What is it that these people do not get? The protests against this conflict are not a defence of Hamas. It is a protest against the killing of innocents, against firing heavy explosives into densely populated residential areas. Oh yes, Britain dare not complain after conceiving Operation Gomorrah. Germany would be a hypocrite after the Blitzkrieg. And what could the United States say after the Manhattan Project? Nations may stumble, but the ordinary man and woman knows that it is wrong. And so this is their cry.
Repeating ad nauseam that Hamas is to blame misses the point entirely. Ms Phillips may claim that ‘Israel has been targeting only the Hamas infrastructure and its terror-masters,’ but she ignores completely the power of the weapons they are using: weapons which are capable of pulverising a dozen houses into a pile of rubble within minutes, which cannot target with the precision she believes they have because their power is just too great.
We the people—not the leaders of our nations—protest because we see with our own eyes children’s lives cut short.
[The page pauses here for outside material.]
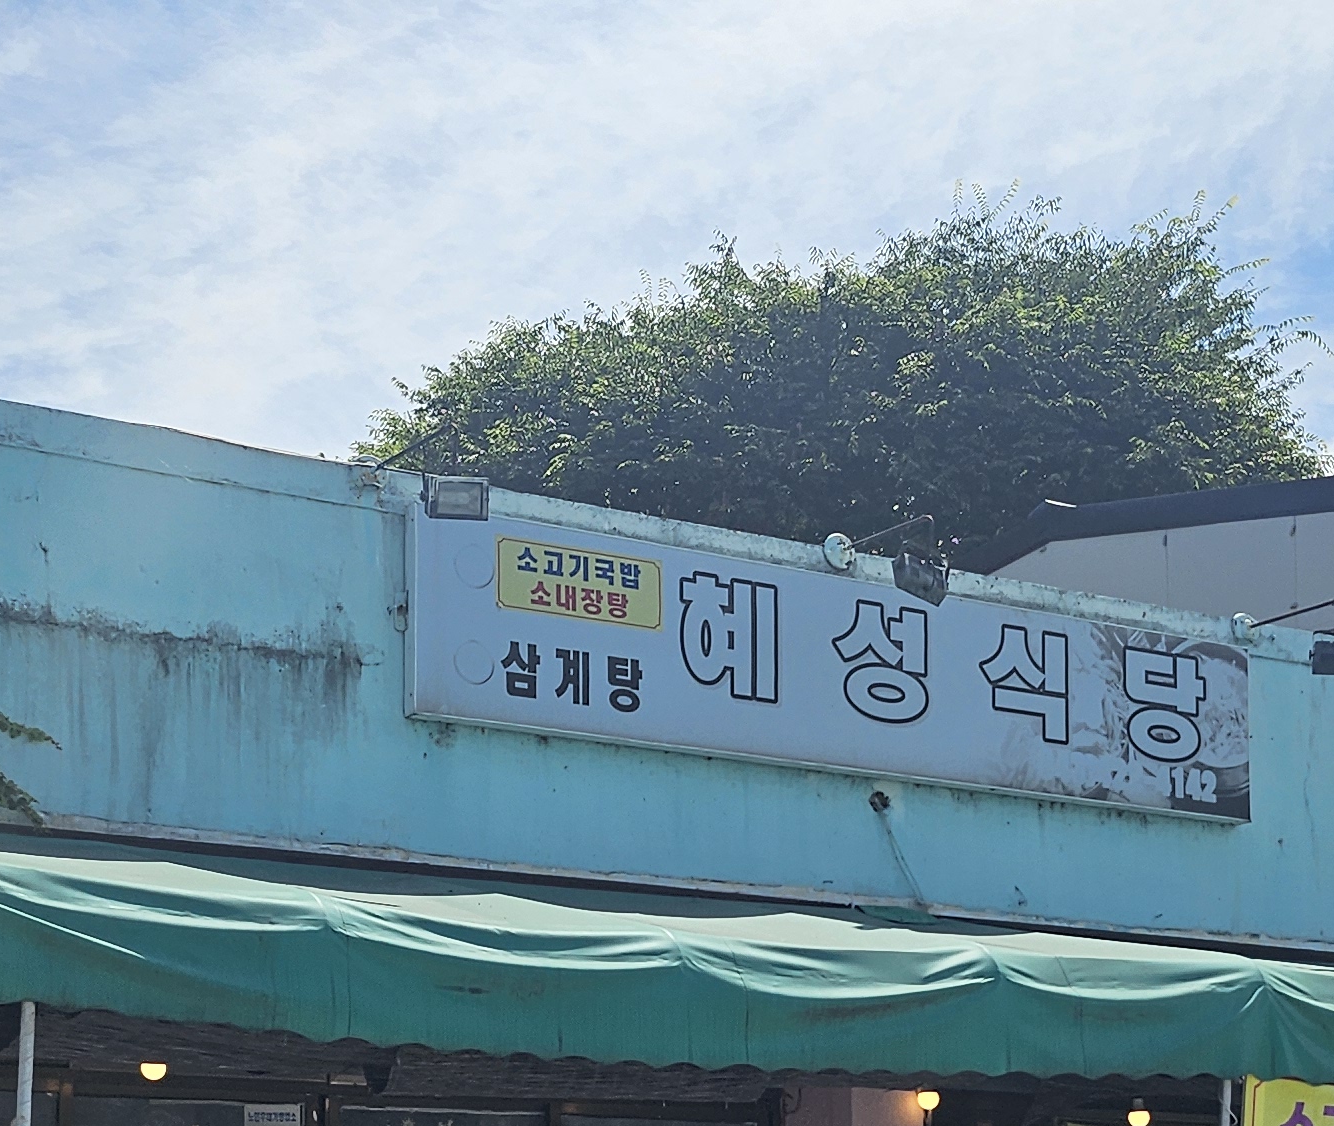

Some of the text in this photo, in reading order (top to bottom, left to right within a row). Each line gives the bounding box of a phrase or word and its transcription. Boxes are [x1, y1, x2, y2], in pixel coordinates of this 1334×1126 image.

[517, 547, 641, 590] 소고기국밥
[531, 581, 629, 619] 소내장탕
[500, 641, 643, 713] 삼계탕
[679, 570, 1207, 762] 혜성식당
Can you justify the death of one child? I can’t.
But in the comments that followed that article, people were indeed doing just that, arguing that it was just an unfortunate consequence of the battle with the terrorists. Thus the respectable readers have themselves become the very people they claim to loathe, no different from another group of people that is indifferent to human life. There are no surgical operations here—in the old European world amputation was the answer to many an ailment when directed infection control was all that was required—for collateral damage is not just tolerated, but justified too.
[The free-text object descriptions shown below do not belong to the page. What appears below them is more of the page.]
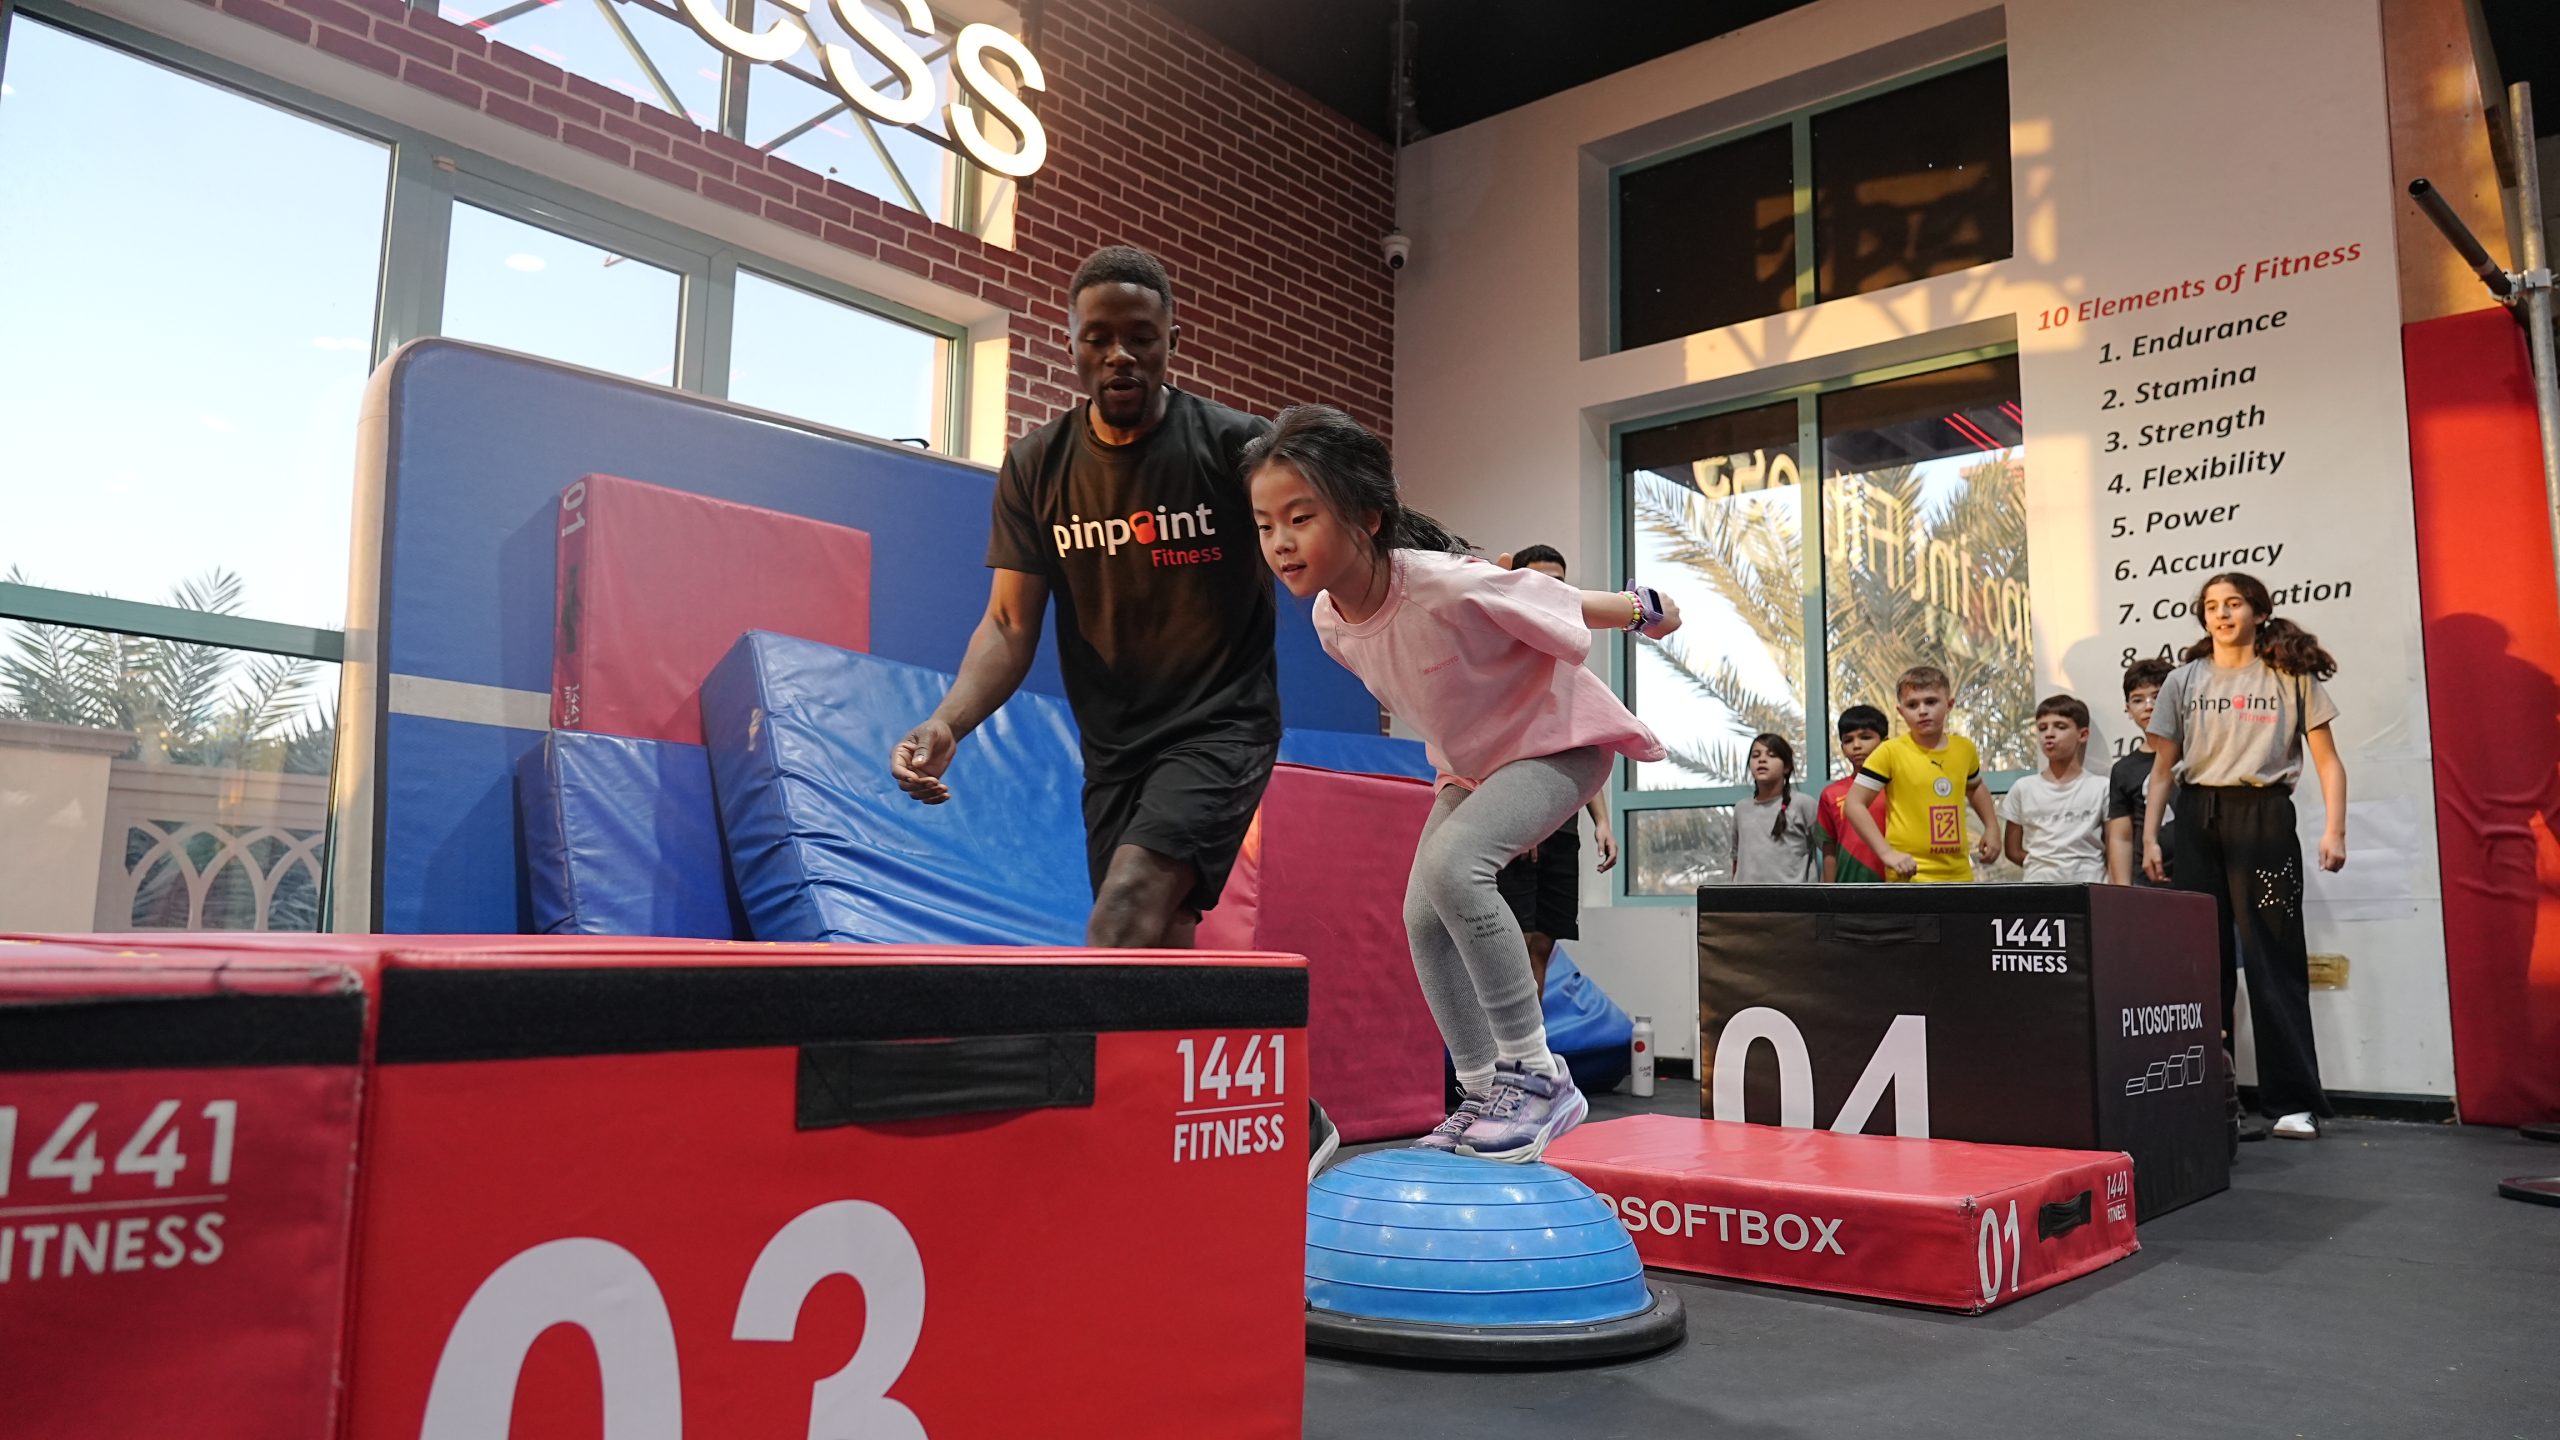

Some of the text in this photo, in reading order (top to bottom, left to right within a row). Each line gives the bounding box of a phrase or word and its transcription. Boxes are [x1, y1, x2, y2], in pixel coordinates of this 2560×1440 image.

[2037, 242, 2361, 331] 10 Elements of Fitness
[2099, 310, 2287, 364] 1. Endurance
[2102, 365, 2257, 410] 2. Stamina
[2105, 405, 2265, 452] 3. Strength
[2108, 450, 2286, 494] 4. Flexibility
[562, 481, 586, 537] 01
[2111, 504, 2240, 538] 5. Power
[1152, 547, 1222, 567] Fitness
[2115, 543, 2284, 581] 6. Accuracy
[2119, 580, 2352, 625] 7. Coation
[1991, 918, 2066, 947] 1441
[1992, 954, 2068, 973] FITNESS
[2122, 1003, 2203, 1037] PLYOSOFTBOX
[1176, 1035, 1285, 1103] 1441
[1713, 1007, 1930, 1138] 04
[1174, 1114, 1285, 1163] FITNESS
[2107, 1170, 2128, 1200] 1441
[0, 1213, 225, 1283] ITNESS
[1978, 1200, 2020, 1303] 01
[420, 1199, 928, 1440] 03
Some people may defend Hamas, claiming that by their actions they are fighting a resistance against Israeli occupation, but I cannot. The argument is often made that the Palestinians do not have F-16 fighter planes, Apache helicopters, cruise missiles and tanks, and that if they did they would fight a traditional war of army versus army; because the only weapons they have are the meagre resources around them, striking against the military is like David fighting Goliath. I would not necessarily reject that thesis, but still I lack sympathy for the organisation we know as Hamas.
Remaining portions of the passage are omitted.